Was ich gelernt habe: Hier kann man noch seltener als im Rest des Landes mit der einheimischen Währung, dem kubanischen Peso, bezahlen. Stattdessen wollen die Menschen Euro (oder auch mal US-Dollar). Die wiederum tauscht man offiziell für 1:25, auf der Straße bekommt man aber typischerweise das dreifache für jeden Euro.

Was ich wieder machen würde: Den Strand besuchen - der öffentliche im Ortszentrum muss den Privatstränden der großen Hotels in nichts nachstehen: Weißer Sand, klares, türkisblaues Wasser, durch das man bis weit draußen noch auf den Grund des Meeres sehen kann.

Teil 9: Hershey

18.01.2022 @ (16 Ansichten)

Von Varadero aus starte ich einen Tagesausflug nach "Camilo Cienfuegos", einem kleinen Ort, der früher nach der gleichnamigen, 1918 fertiggestellten Zuckerfabrik "Hershey" hieß. Bis 1922 wurde dort eine Bahn zur Anlieferung von Material und Abtransport des Zuckers erbaut. In der Fabrik wurde seit der Revolution 1959 nicht mehr für Hershey's Chocolates in den USA, sondern im Auftrag des kubanischen Staates gearbeitet. Seit 2002 ist die Fabrik eine Industrie-Ruine. Die Bahn ist heute noch in Betrieb, allerdings seit einem Hurrikan, der vor 5 Jahren Teile der Strecke zerstörte, nur noch auf Teilstrecken und sehr spärlich.

Was ich gelernt habe: Zucker ist neben Tabak immer noch das wichtigste Exportgut Kubas. Noch wichtiger für Kubas Wirtschaft ist allerdings der Tourismus - und entsprechend schwer macht die Pandemie dem Land zu schaffen. Der Taxifahrer erzählt mir: "Die meisten Hotels in Varadero stehen leer - trotzdem werden immer neue gebaut". Warum, weiß er allerdings auch nicht.

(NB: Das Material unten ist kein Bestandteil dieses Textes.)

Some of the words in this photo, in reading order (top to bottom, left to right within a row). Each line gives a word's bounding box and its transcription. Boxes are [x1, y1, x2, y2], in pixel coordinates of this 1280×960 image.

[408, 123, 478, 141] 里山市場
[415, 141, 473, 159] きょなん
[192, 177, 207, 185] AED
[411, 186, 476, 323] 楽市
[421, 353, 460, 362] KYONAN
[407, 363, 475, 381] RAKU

Was ich wieder machen würde: Diese Bahn besuchen - vielleicht klappt es dann auch, einmal damit zu fahren: Die elektrischen Triebwagen aus den 30er und 40er-Jahren sind fahrende Industriedenkmäler, die krummen Gleise und die beeindruckende Landschaft wären eine tolle Kombination für ein einmaliges Abenteuer.

Letzter Teil: Kuba ist…

20.01.2022 @ (16 Ansichten)

…für mich der Inbegriff von "klappt schon irgendwie". Auf der einen Seite grenzt das an Dysfunktionalität: Das Fehlen jeglicher Fahrpläne bei Bussen ("wenn kein Plan da ist, kann der Bus auch nicht zu spät kommen") oder Zügen ("der Zug fährt alle drei Tage, beginnend ab dem 19. November 2019"); Auskunfts-Personal, bei denen man für die Antwort "Komm morgen wieder" anstehen muss und deren Job locker durch ein am Eingang aufgehängtes beschriebenes Blatt DIN A4-Papier ersetzt werden könnte(!) oder das kaputte Währungssystem, in dem keine nennenswerten Beträge in der landeseigenen Währung bezahlt werden können (sondern Euro oder US-Dollar verlangt werden).

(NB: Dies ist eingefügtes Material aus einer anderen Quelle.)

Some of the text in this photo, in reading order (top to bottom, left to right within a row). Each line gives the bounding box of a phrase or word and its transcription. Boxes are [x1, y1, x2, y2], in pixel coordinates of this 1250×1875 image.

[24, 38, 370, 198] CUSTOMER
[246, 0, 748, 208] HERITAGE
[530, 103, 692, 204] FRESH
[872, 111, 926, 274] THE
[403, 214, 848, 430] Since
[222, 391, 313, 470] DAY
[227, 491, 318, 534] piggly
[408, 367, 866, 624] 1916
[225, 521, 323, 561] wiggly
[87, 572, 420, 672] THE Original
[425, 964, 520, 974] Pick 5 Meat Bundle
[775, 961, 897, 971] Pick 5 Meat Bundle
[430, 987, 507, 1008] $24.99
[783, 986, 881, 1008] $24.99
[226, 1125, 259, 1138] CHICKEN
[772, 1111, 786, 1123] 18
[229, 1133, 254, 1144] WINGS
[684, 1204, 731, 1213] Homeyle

Auf der anderen Seite bewundere ich Kuba: Ob das die über ein halbes Jahrhundert lang immer wieder reparierten US-Oldtimer oder die alten und robusten russischen Ladas sind, die aus Mofa- und Fahrradteilen zusammengeschweißte Bici-Taxis oder die Leute, die im Schatten von Autobahnbrücken "Autostop" betreiben in der Hoffnung, dadurch etwas schneller zu sein als wenn sie auf die aus alten LKW zusammengebauten Busse warten, die behelfsmäßig ausgebesserte Infrastruktur ("hält schon") oder dass Leute als ihr täglicher Job für andere in den langen Schlangen vor allen möglichen Geschäften anstehen, der Instagram-Kanal von Lore, der erklärt, wie Cocktail-Zutaten bei deren Fehlen substituiert werden können oder "El Paquete", Netflix als USB-Festplatten-Abo - alles funktioniert irgendwie, und sicherlich auch durch eine gute Portion Optimismus, durch Kreativität und Zusammenhalt.

Nach drei Wochen Baufälligkeit, rußenden und knatternden Auspüffen, Schlaglöchern und fehlender Straßenbeleuchtung; aber auch Hilfsbereitschaft, Lebensfreude, Pragmatismus - und Stolz auf das, was trotz dem wenigen zur Verfügung stehenden erreicht wird, verlasse ich Kuba, nachdem ich meine letzten Pesos nicht schaffe bei den offiziellen Stellen zu wechseln ("wir haben gerade keine Euros mehr"), sie eben mit einem anderen Reisenden am Flughafen tausche, der mit dem guten inoffiziellen Wechselkurs dann das Duty Free leer kauft: Am Ende klappt es also irgendwie. Kuba ist eine tolle Erfahrung, die ich jedem empfehlen würde zu machen.